Is It Alive? Things That Grow, Make Energy, and Move
Atlas the friendly guide kneels in a sunny garden, pointing at a growing plant beside a smooth round rock and a hopping rabbit, with a fish swimming in a small pond nearby.
- Name three things living things do: grow, use or make energy, and move.
- Classify unfamiliar objects as living or non-living by applying the grow-energy-move rule.
- Explain why a rock is not alive using at least one clue.
- Identify a plant and an animal as living things.
Key terms
- living thing
- Something that grows, uses or makes energy, and moves.
- non-living thing
- Something that does not grow, make energy, or move itself.
- photosynthesis
- How plants make food using sunlight and water.
- energy
- The power a living thing uses to grow and move.
Three Clues That Something Is Alive
Atlas uses three clues to find out if something is living. A living thing grows, it uses or makes its own energy, and it moves on its own. A puppy shows all three: it grew from small to big, it eats food for energy, and it runs around by itself. When you check all three clues together, you can tell living things from non-living things without being fooled.
Plants Make Their Own Food
Plants are living, but they do not eat the way animals do. Instead, plants make their own food inside their leaves using sunlight and water, in a process called photosynthesis. That is how a plant gets energy. Plants even move slowly to turn their leaves toward the sun. A seed grows into a tall plant over time, so plants pass the growing test and the energy test too.
Why Some Things Are Not Alive
A rock and a metal spoon may be hard and shiny, but they are not alive. They do not grow bigger, they cannot make or use their own energy, and they do not move by themselves. A toy car can roll, but only when someone pushes it, so its movement does not count. When something fails the three clues, we know it is non-living, even if it can be pushed to move.
Worked examples
Is a fish in a pond a living thing?
- A fish grows bigger as it gets older.
- A fish finds and eats food to get energy.

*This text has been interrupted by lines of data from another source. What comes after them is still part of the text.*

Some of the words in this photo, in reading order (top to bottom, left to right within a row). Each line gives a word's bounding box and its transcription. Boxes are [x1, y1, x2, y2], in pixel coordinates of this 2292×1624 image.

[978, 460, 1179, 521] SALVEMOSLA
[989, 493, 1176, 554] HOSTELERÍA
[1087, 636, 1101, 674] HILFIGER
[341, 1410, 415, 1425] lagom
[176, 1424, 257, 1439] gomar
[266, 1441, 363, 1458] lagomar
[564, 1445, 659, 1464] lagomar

- A fish swims through the water on its own.
Answer: Yes, a fish passes all three clues, so it is living.
Is a toy car a living thing if it rolls?
- A toy car only rolls when a person pushes it, not by itself.

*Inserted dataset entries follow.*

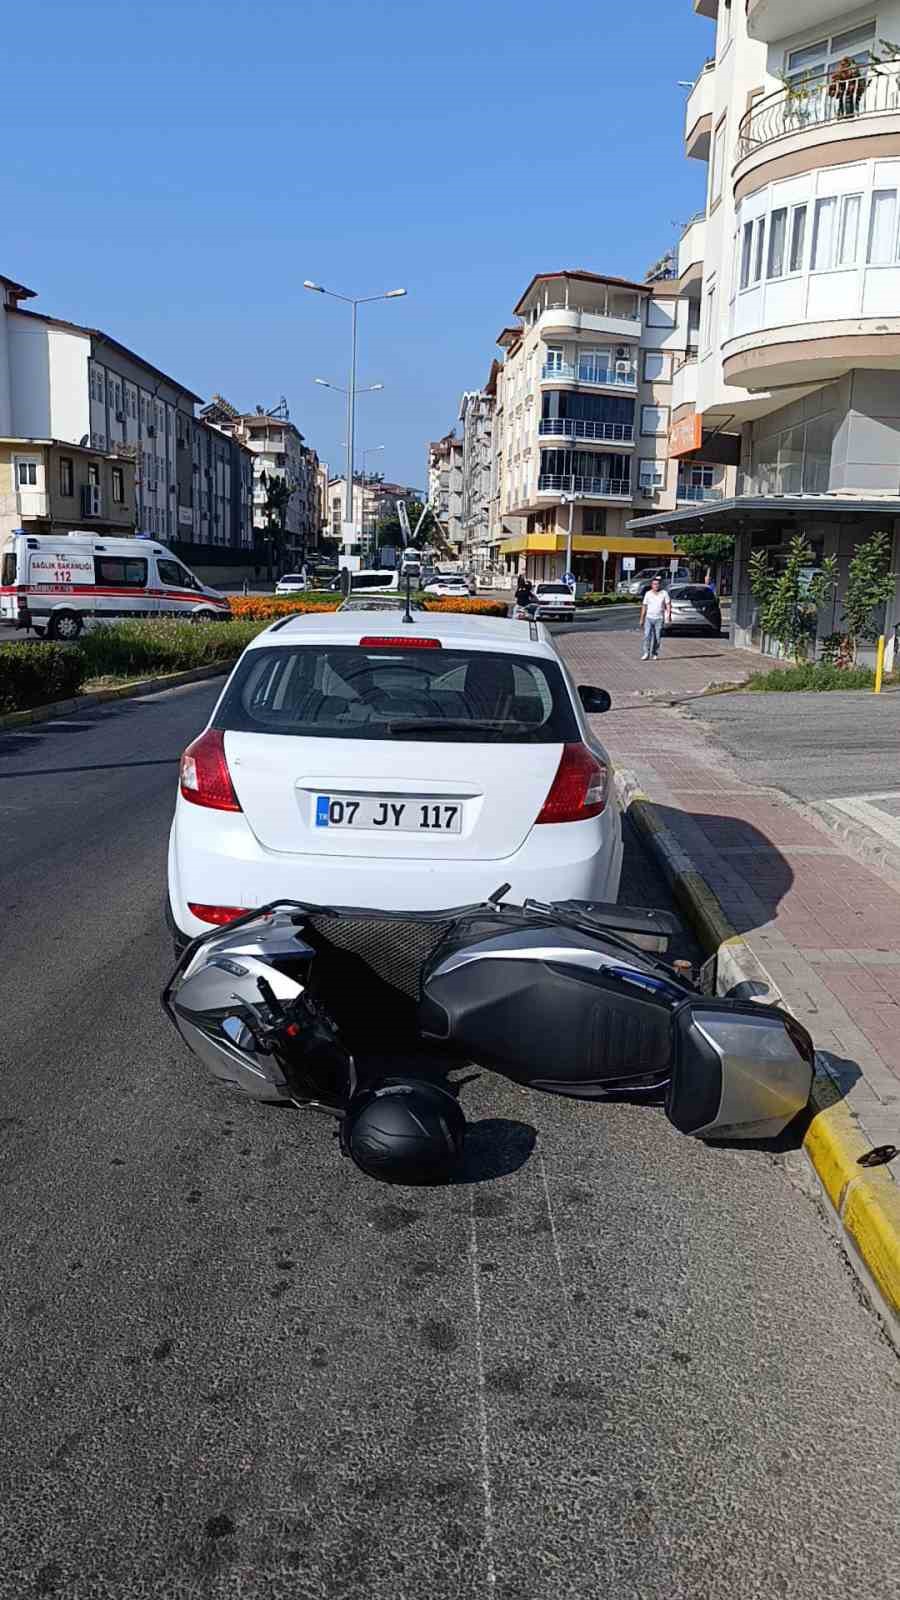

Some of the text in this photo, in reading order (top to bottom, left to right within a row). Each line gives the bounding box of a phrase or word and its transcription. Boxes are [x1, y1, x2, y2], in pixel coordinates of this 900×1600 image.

[32, 561, 92, 570] SAĞLIK BAKANLIĞI
[54, 571, 71, 582] 112
[329, 801, 458, 829] 07 JY 117
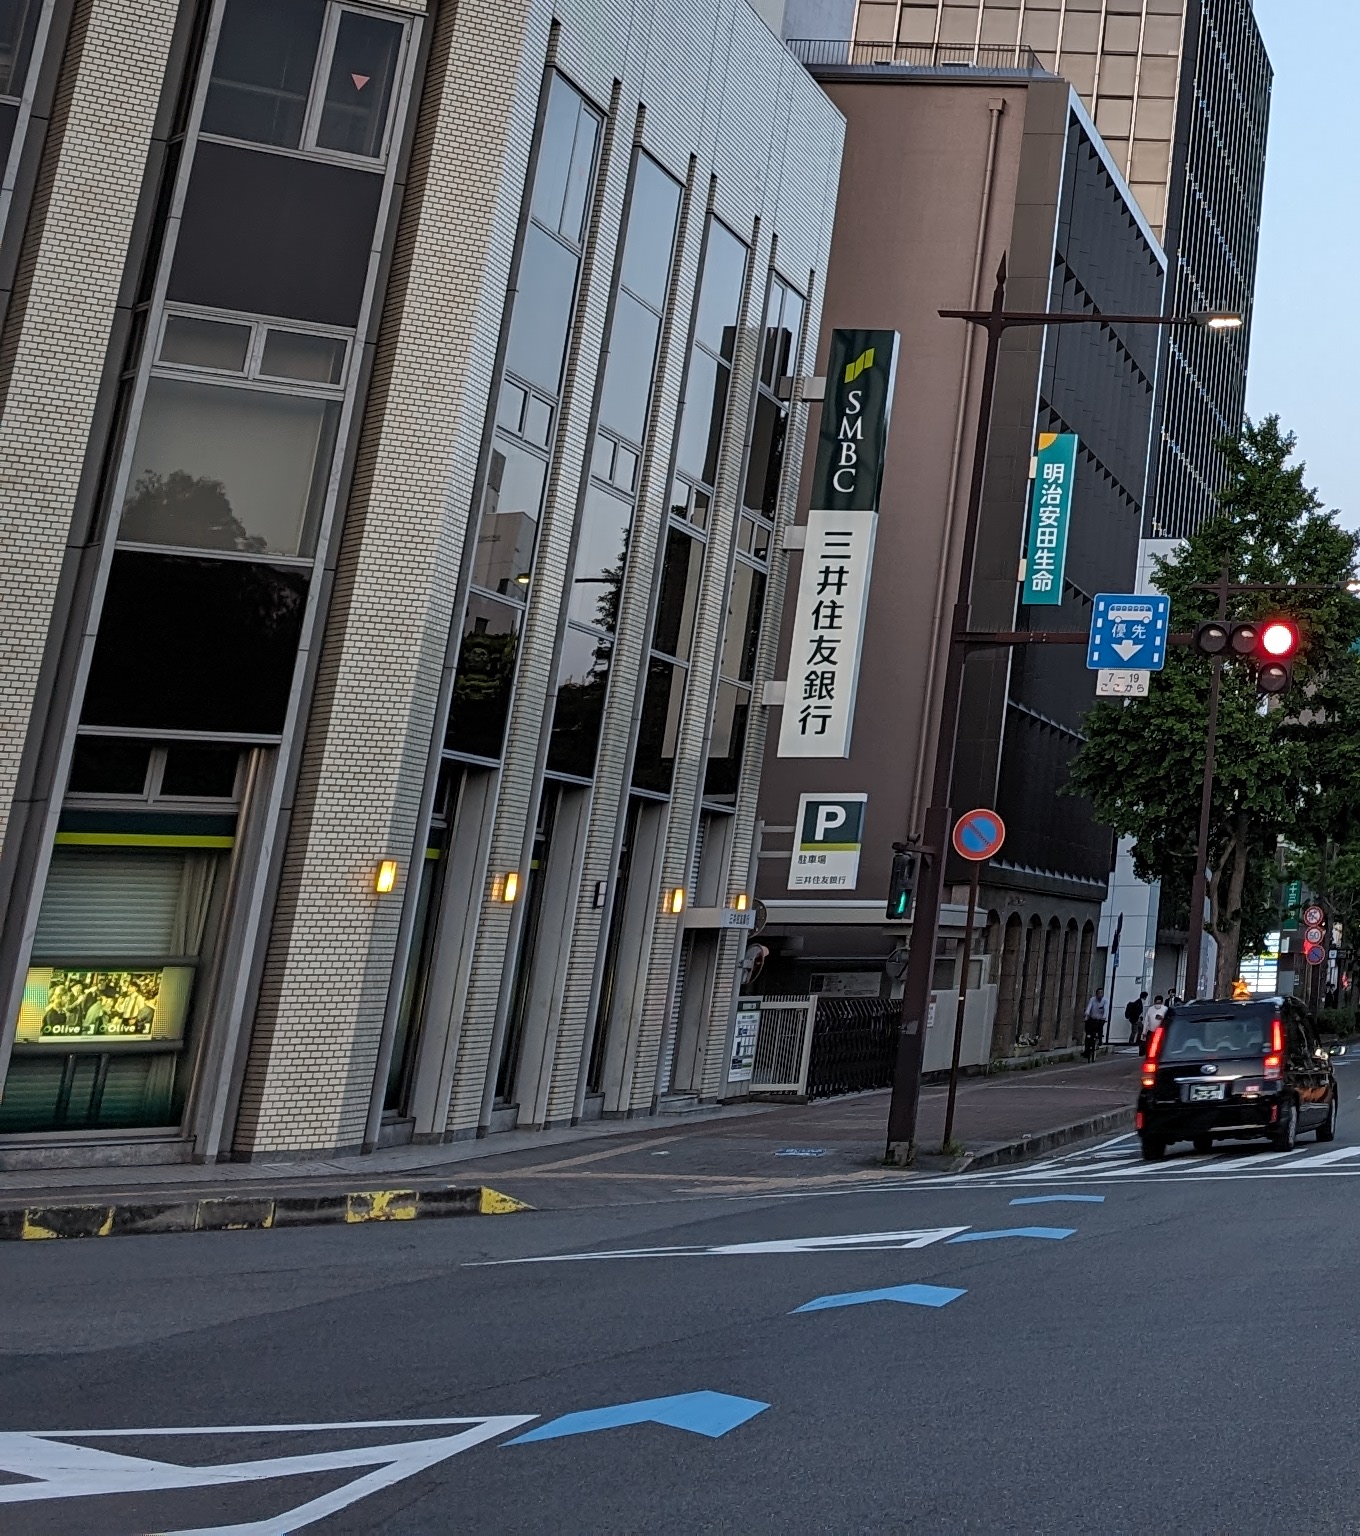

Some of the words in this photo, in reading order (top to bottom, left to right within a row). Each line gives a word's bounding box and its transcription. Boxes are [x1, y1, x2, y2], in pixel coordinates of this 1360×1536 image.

[832, 389, 865, 493] SMBC
[1031, 463, 1065, 592] 明治安田生命
[798, 531, 853, 736] 三井住友銀行
[1111, 623, 1147, 639] 優先
[1100, 683, 1145, 694] ここから
[814, 805, 847, 841] P
[797, 854, 827, 865] 駐車場
[794, 875, 847, 885] 三井住友銀行
[52, 1024, 81, 1034] Olive
[108, 1023, 136, 1033] Olive

- A toy car cannot grow bigger or make its own energy.
- Since it fails the clues, the rolling does not make it alive.
Answer: No, a toy car is non-living even though it can roll.
Activity
Drag each picture into the living box or the non-living box.
Practice
Decide if a tall oak tree is living or non-living and tell why.

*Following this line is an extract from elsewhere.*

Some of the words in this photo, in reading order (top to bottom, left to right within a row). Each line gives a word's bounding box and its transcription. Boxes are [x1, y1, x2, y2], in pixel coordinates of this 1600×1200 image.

Name the three clues that show something is a living thing.
Common mistakes to avoid
- Anything that moves is aliveLiving things move on their own; a toy car only moves when pushed and cannot grow or make energy.
- Plants are not alive because they stay stillPlants are living because they grow, make their own food from sunlight, and even turn slowly toward the sun.
Check your understanding
Which one is a living thing?
Why is a rock NOT a living thing?
A toy car can move when you push it. Is it living?
Which living thing makes its own food from sunlight?
Recap
Living things do three jobs: they grow, they use or make their own energy, and they move on their own. A rock or a metal spoon does none of these, so it is non-living, while puppies, plants, and fish are all alive.
Reflect
What new thing would you like to test with the three clues?